§ **Data excerpts**:
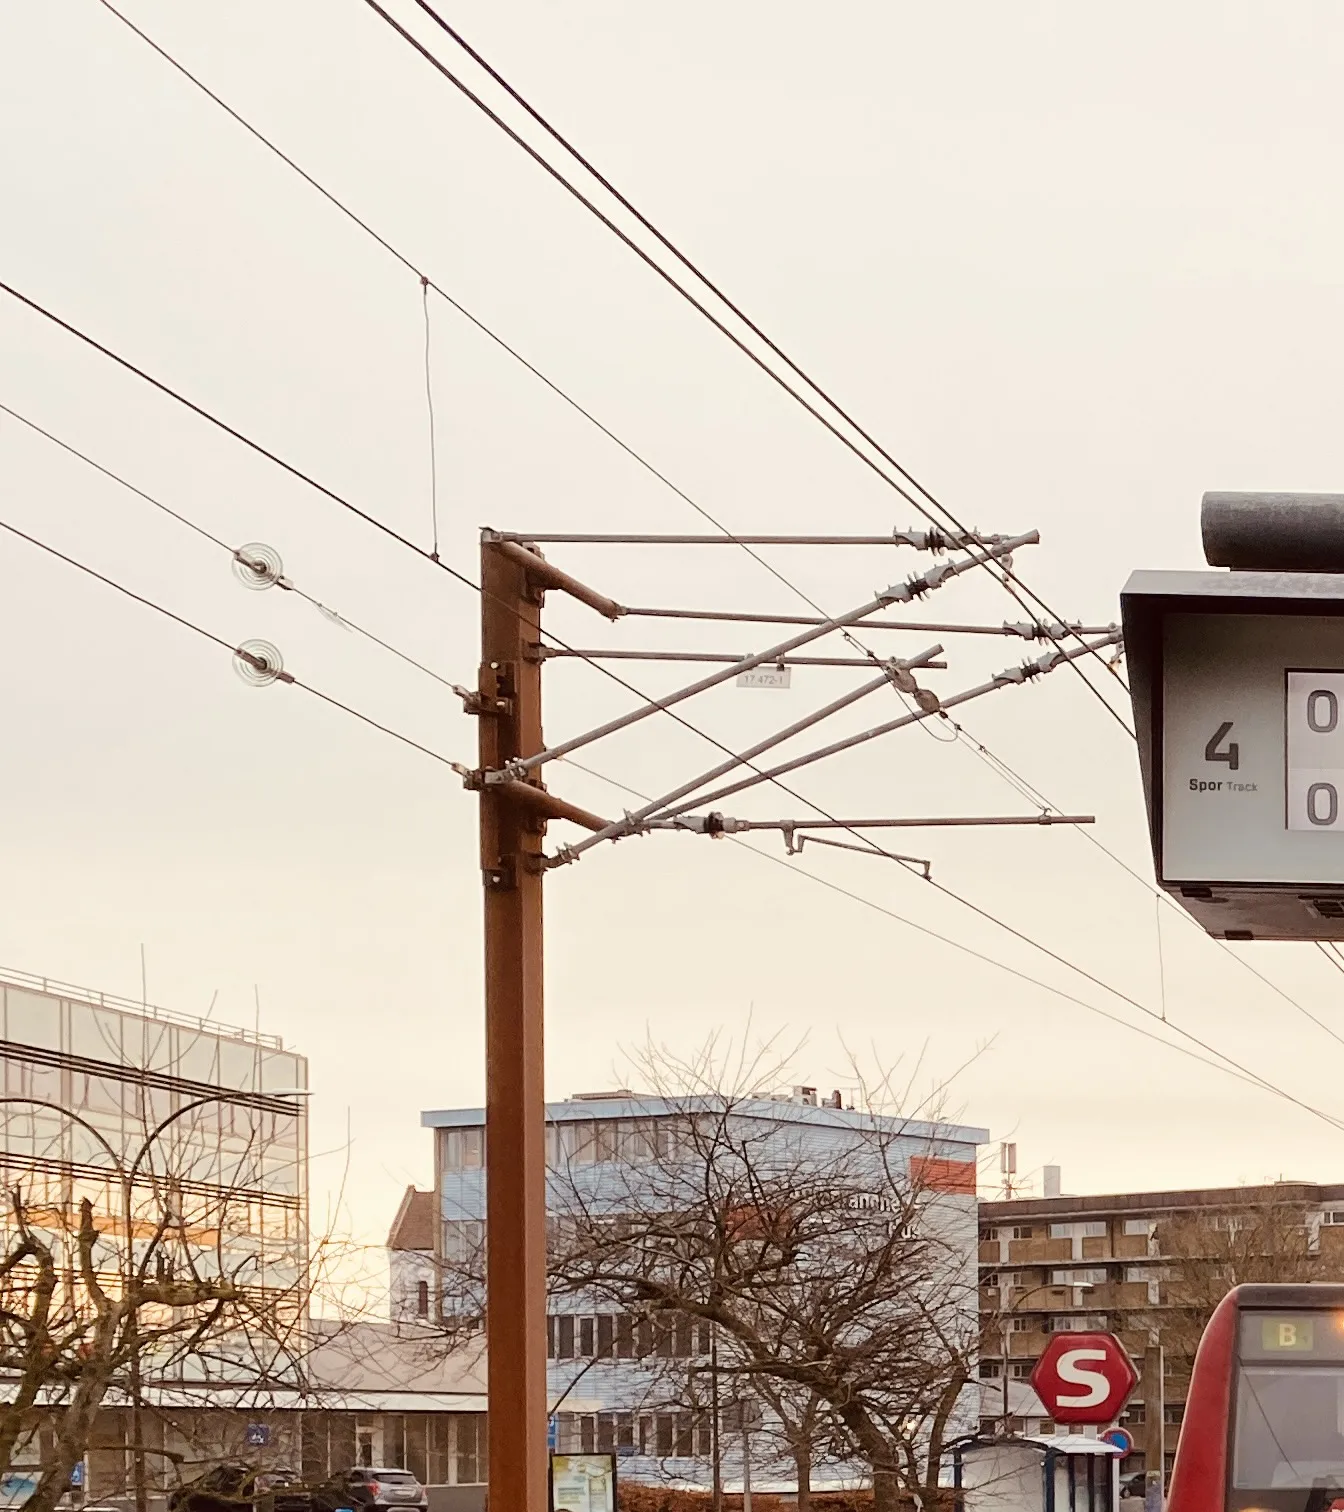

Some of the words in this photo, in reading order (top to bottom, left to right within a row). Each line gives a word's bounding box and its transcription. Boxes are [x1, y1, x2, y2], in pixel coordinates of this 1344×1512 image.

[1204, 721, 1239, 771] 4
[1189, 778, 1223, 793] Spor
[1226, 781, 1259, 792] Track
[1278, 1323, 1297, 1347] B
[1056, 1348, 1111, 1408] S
==
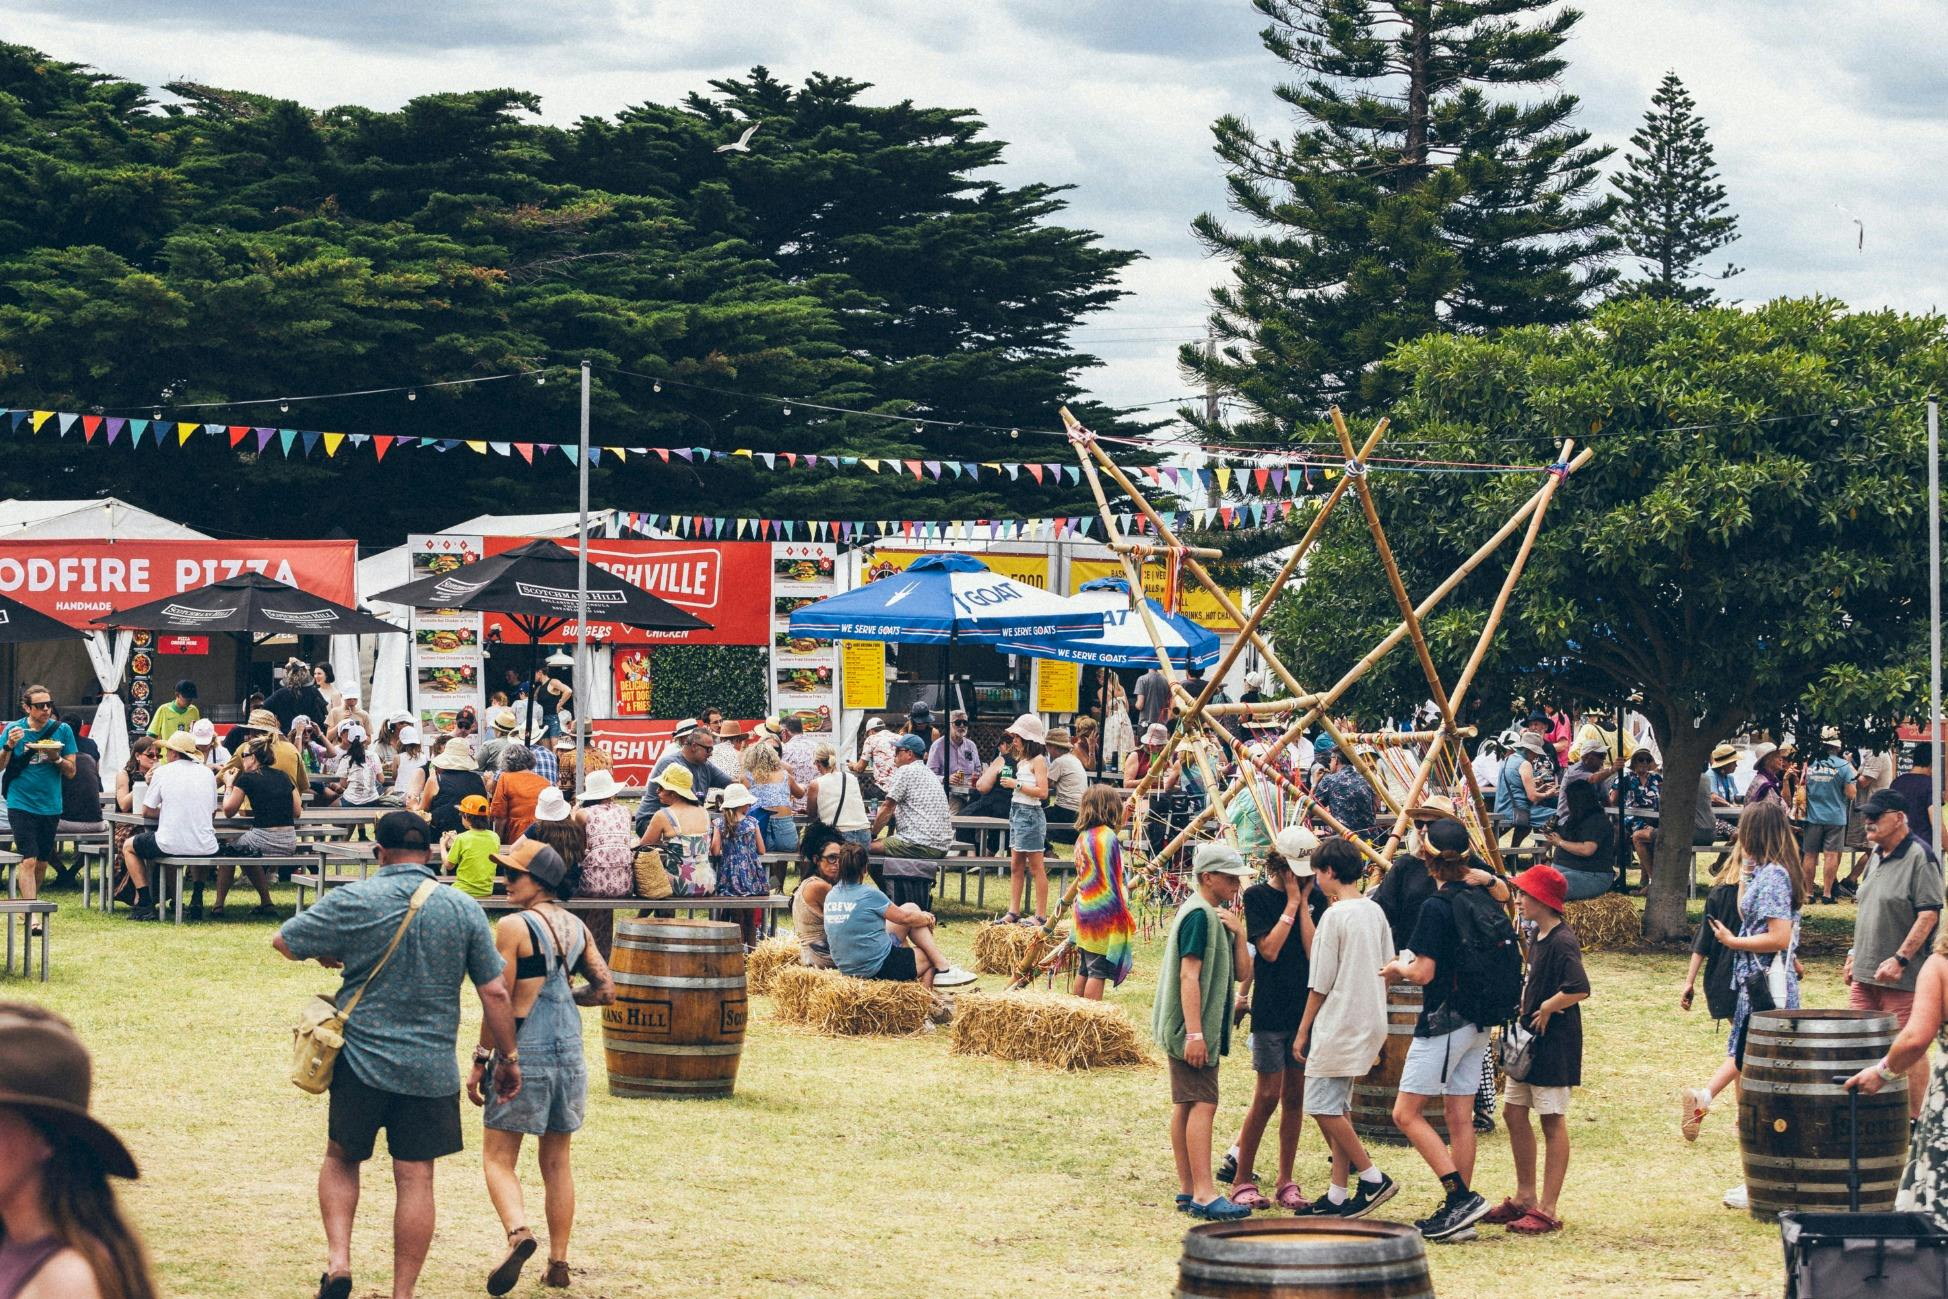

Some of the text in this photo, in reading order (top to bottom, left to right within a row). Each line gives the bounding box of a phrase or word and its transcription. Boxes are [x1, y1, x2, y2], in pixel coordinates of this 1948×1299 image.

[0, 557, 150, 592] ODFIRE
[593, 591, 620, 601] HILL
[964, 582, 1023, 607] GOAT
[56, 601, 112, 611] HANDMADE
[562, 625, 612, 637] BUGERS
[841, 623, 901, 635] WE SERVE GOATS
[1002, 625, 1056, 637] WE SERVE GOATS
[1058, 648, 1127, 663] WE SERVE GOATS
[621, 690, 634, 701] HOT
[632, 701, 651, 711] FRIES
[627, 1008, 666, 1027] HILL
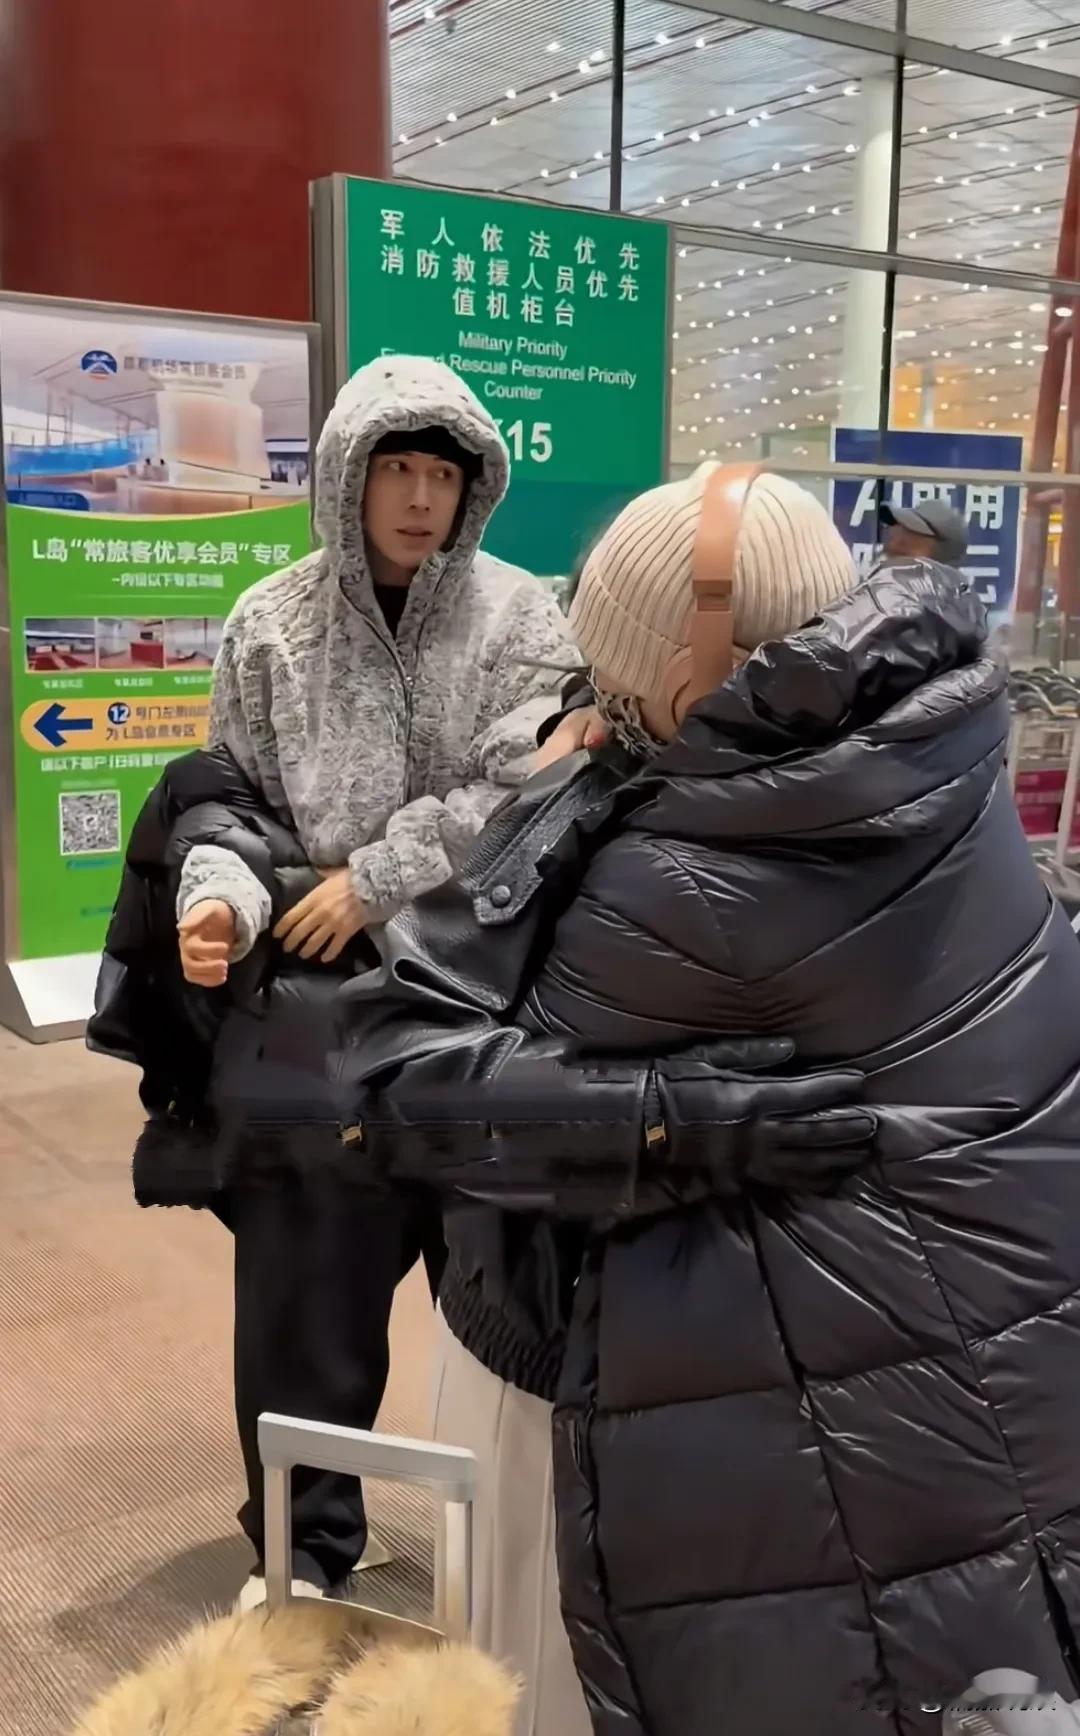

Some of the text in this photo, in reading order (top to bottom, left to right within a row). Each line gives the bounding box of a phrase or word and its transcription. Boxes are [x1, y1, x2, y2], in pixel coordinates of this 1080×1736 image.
---
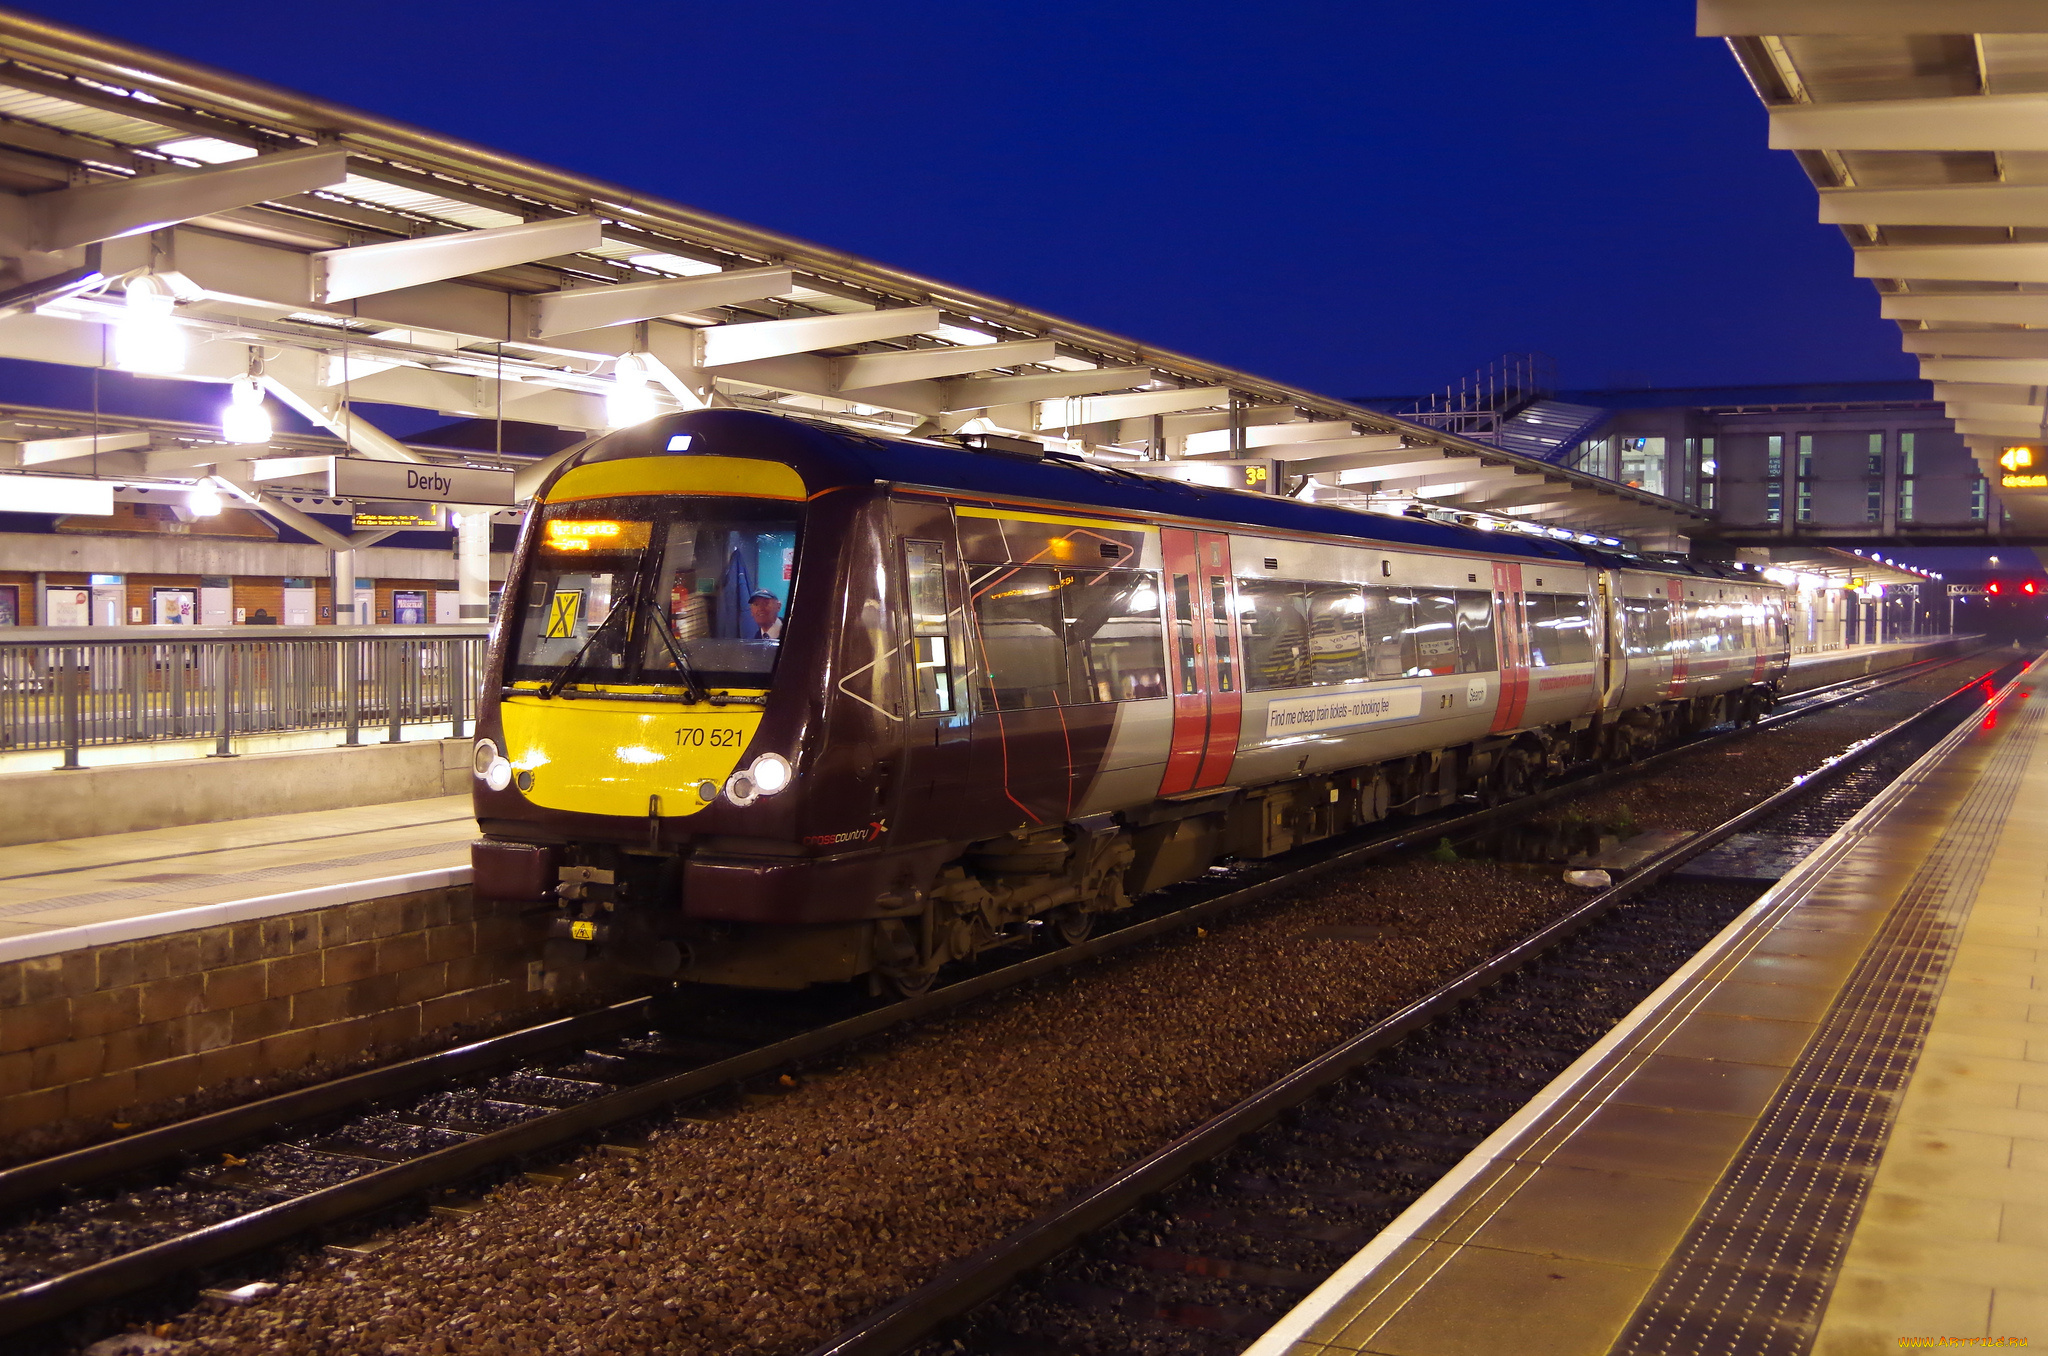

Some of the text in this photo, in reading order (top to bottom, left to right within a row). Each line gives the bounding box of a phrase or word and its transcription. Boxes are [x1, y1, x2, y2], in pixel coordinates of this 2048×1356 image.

§ **Work task**:
Given the listing above, repeat exactly the lines starting at the one with "this 1948×1299 image." and ending at the one with "this 1080×1736 image.", inclusive, excluding pictures.

§ **Answer section**:
Some of the text in this photo, in reading order (top to bottom, left to right within a row). Each line gives the bounding box of a phrase or word and its transcription. Boxes are [x1, y1, x2, y2], in pixel coordinates of this 1948×1299 image.

[0, 557, 150, 592] ODFIRE
[593, 591, 620, 601] HILL
[964, 582, 1023, 607] GOAT
[56, 601, 112, 611] HANDMADE
[562, 625, 612, 637] BUGERS
[841, 623, 901, 635] WE SERVE GOATS
[1002, 625, 1056, 637] WE SERVE GOATS
[1058, 648, 1127, 663] WE SERVE GOATS
[621, 690, 634, 701] HOT
[632, 701, 651, 711] FRIES
[627, 1008, 666, 1027] HILL

Some of the text in this photo, in reading order (top to bottom, left to right within a row). Each line gives the bounding box of a phrase or word and its transcription. Boxes are [x1, y1, x2, y2], in pixel coordinates of this 1080×1736 image.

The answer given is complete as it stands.